- WHAT THE TASK ASKS
An exact copy of the listing below is needed, with no pictures in it.

---------- DATA TO EXAMINE ----------

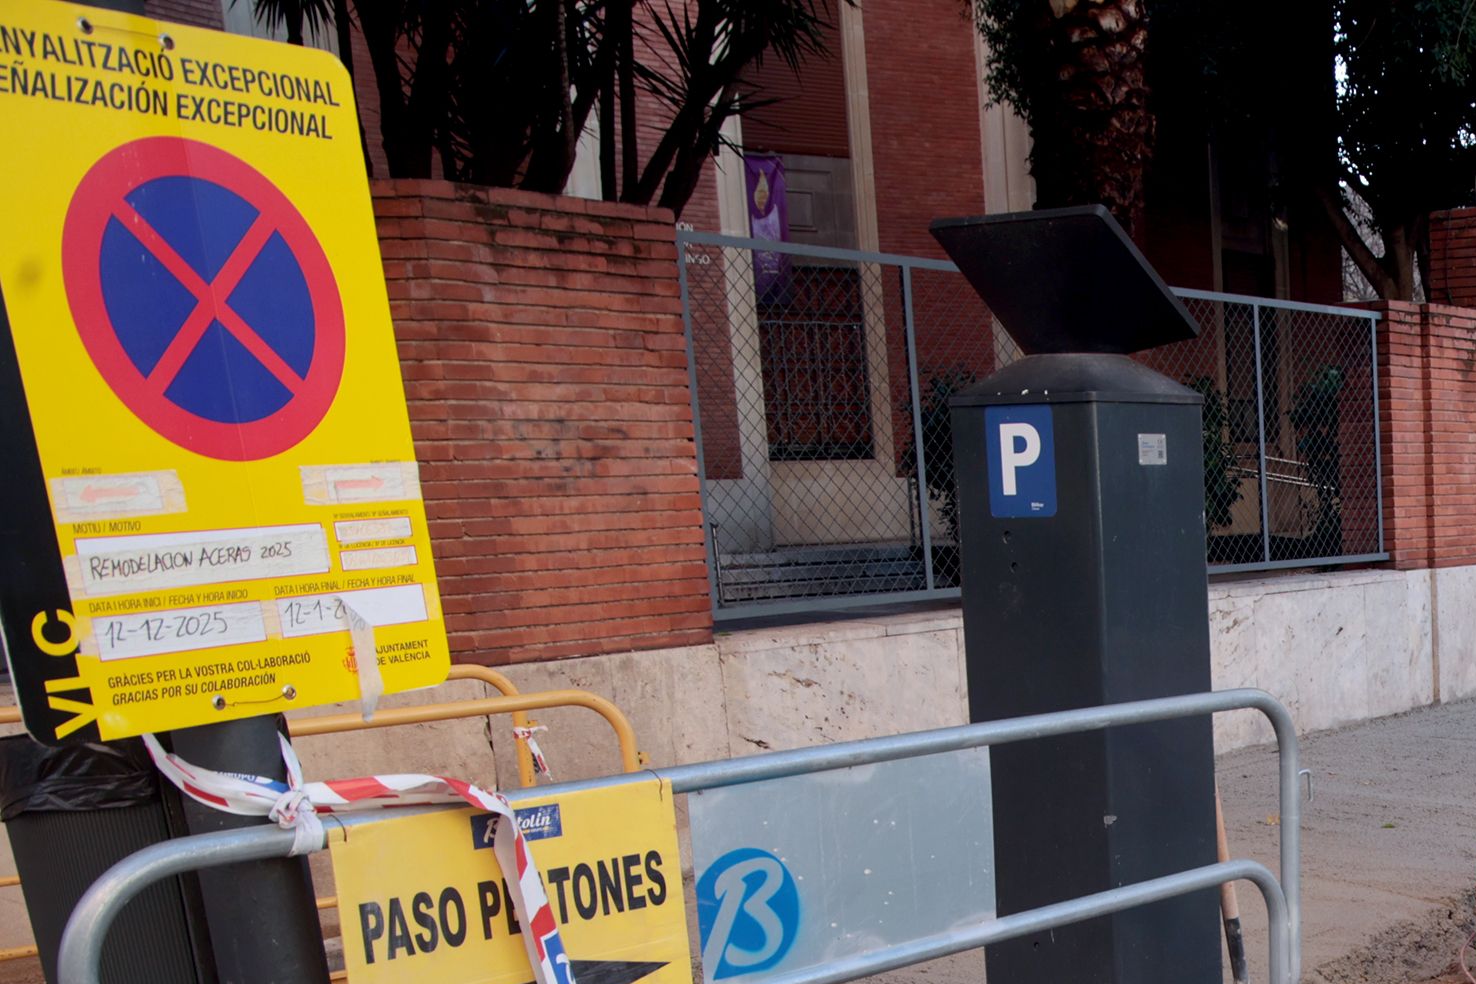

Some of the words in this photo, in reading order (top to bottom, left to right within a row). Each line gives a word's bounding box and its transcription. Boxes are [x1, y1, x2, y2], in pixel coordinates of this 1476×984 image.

[0, 24, 174, 81] NYALITZACIÓ
[181, 58, 341, 107] EXCEPCIONAL
[176, 93, 333, 140] EXCEPCIONAL
[999, 422, 1042, 496] P
[73, 523, 101, 534] MOTIU
[109, 521, 142, 533] MOTIVO
[199, 545, 252, 567] ACERAS
[260, 541, 292, 559] 2025
[89, 602, 112, 613] DATA
[118, 599, 142, 610] HORA
[168, 594, 195, 606] FECHA
[196, 592, 202, 602] Y
[203, 590, 225, 601] HORA
[226, 588, 249, 600] INICIO
[274, 585, 296, 596] DATA
[300, 581, 320, 592] HORA
[321, 579, 340, 590] FINAL
[347, 576, 371, 588] FECHA
[371, 576, 376, 586] Y
[376, 575, 397, 586] HORA
[397, 573, 416, 583] FINAL
[105, 611, 228, 649] 12-12-2025
[31, 607, 98, 741] VLC
[108, 671, 154, 689] GRÀCIES
[157, 669, 177, 683] PER
[179, 667, 193, 680] LA
[194, 663, 235, 678] VOSTRA
[112, 689, 159, 706] GRACIAS
[162, 686, 182, 699] POR
[185, 684, 198, 696] SU
[200, 673, 276, 694] COLABORACIÓN
[483, 811, 552, 844] Btolin
[358, 886, 467, 965] PASO
[479, 849, 668, 941] PETONES
[702, 857, 784, 980] B
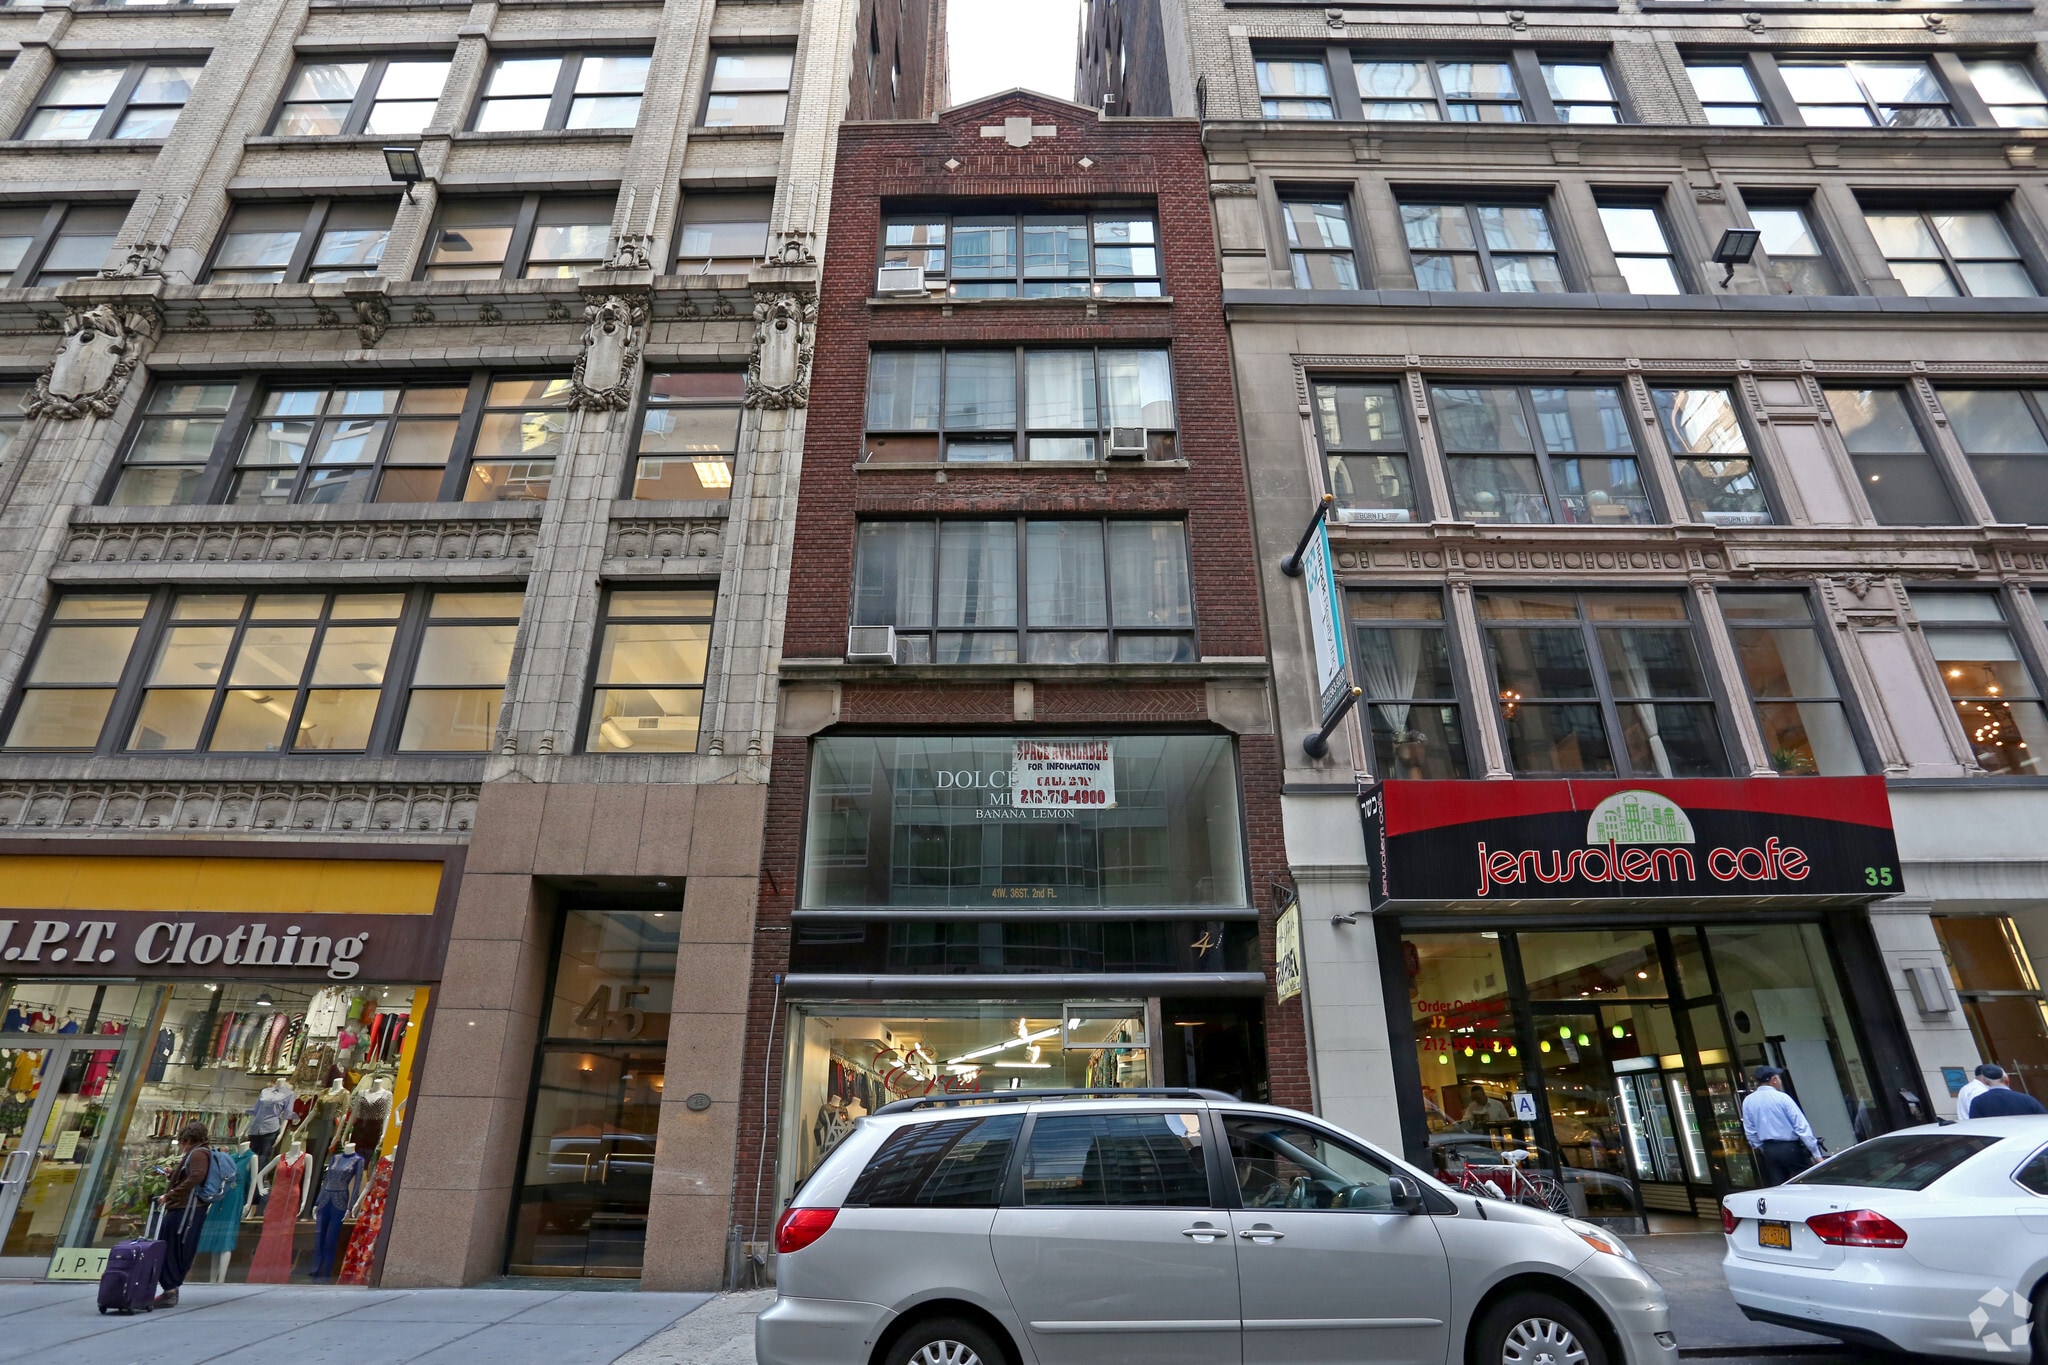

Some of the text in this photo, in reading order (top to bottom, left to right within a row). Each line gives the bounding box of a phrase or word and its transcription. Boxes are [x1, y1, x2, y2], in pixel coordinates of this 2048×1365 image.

[1017, 740, 1109, 760] SPACE AVAILABLE
[1028, 763, 1100, 771] FOR INFORMATION
[975, 809, 1075, 818] BANANA LEMON
[1477, 837, 1811, 896] jerusalem cafe
[1864, 867, 1893, 886] 35
[1032, 888, 1045, 898] 2nd
[134, 922, 369, 979] Clothing
[574, 984, 650, 1040] 45
[1418, 1001, 1452, 1013] Order
[1520, 1098, 1532, 1112] A
[54, 1257, 66, 1273] J.
[74, 1257, 88, 1274] P.

----------

- TASK RESPONSE
Some of the words in this photo, in reading order (top to bottom, left to right within a row). Each line gives a word's bounding box and its transcription. Boxes are [x1, y1, x2, y2], in pixel coordinates of this 1476×984 image.

[0, 24, 174, 81] NYALITZACIÓ
[181, 58, 341, 107] EXCEPCIONAL
[176, 93, 333, 140] EXCEPCIONAL
[999, 422, 1042, 496] P
[73, 523, 101, 534] MOTIU
[109, 521, 142, 533] MOTIVO
[199, 545, 252, 567] ACERAS
[260, 541, 292, 559] 2025
[89, 602, 112, 613] DATA
[118, 599, 142, 610] HORA
[168, 594, 195, 606] FECHA
[196, 592, 202, 602] Y
[203, 590, 225, 601] HORA
[226, 588, 249, 600] INICIO
[274, 585, 296, 596] DATA
[300, 581, 320, 592] HORA
[321, 579, 340, 590] FINAL
[347, 576, 371, 588] FECHA
[371, 576, 376, 586] Y
[376, 575, 397, 586] HORA
[397, 573, 416, 583] FINAL
[105, 611, 228, 649] 12-12-2025
[31, 607, 98, 741] VLC
[108, 671, 154, 689] GRÀCIES
[157, 669, 177, 683] PER
[179, 667, 193, 680] LA
[194, 663, 235, 678] VOSTRA
[112, 689, 159, 706] GRACIAS
[162, 686, 182, 699] POR
[185, 684, 198, 696] SU
[200, 673, 276, 694] COLABORACIÓN
[483, 811, 552, 844] Btolin
[358, 886, 467, 965] PASO
[479, 849, 668, 941] PETONES
[702, 857, 784, 980] B

Some of the text in this photo, in reading order (top to bottom, left to right within a row). Each line gives the bounding box of a phrase or word and its transcription. Boxes are [x1, y1, x2, y2], in pixel coordinates of this 2048×1365 image.

[1017, 740, 1109, 760] SPACE AVAILABLE
[1028, 763, 1100, 771] FOR INFORMATION
[975, 809, 1075, 818] BANANA LEMON
[1477, 837, 1811, 896] jerusalem cafe
[1864, 867, 1893, 886] 35
[1032, 888, 1045, 898] 2nd
[134, 922, 369, 979] Clothing
[574, 984, 650, 1040] 45
[1418, 1001, 1452, 1013] Order
[1520, 1098, 1532, 1112] A
[54, 1257, 66, 1273] J.
[74, 1257, 88, 1274] P.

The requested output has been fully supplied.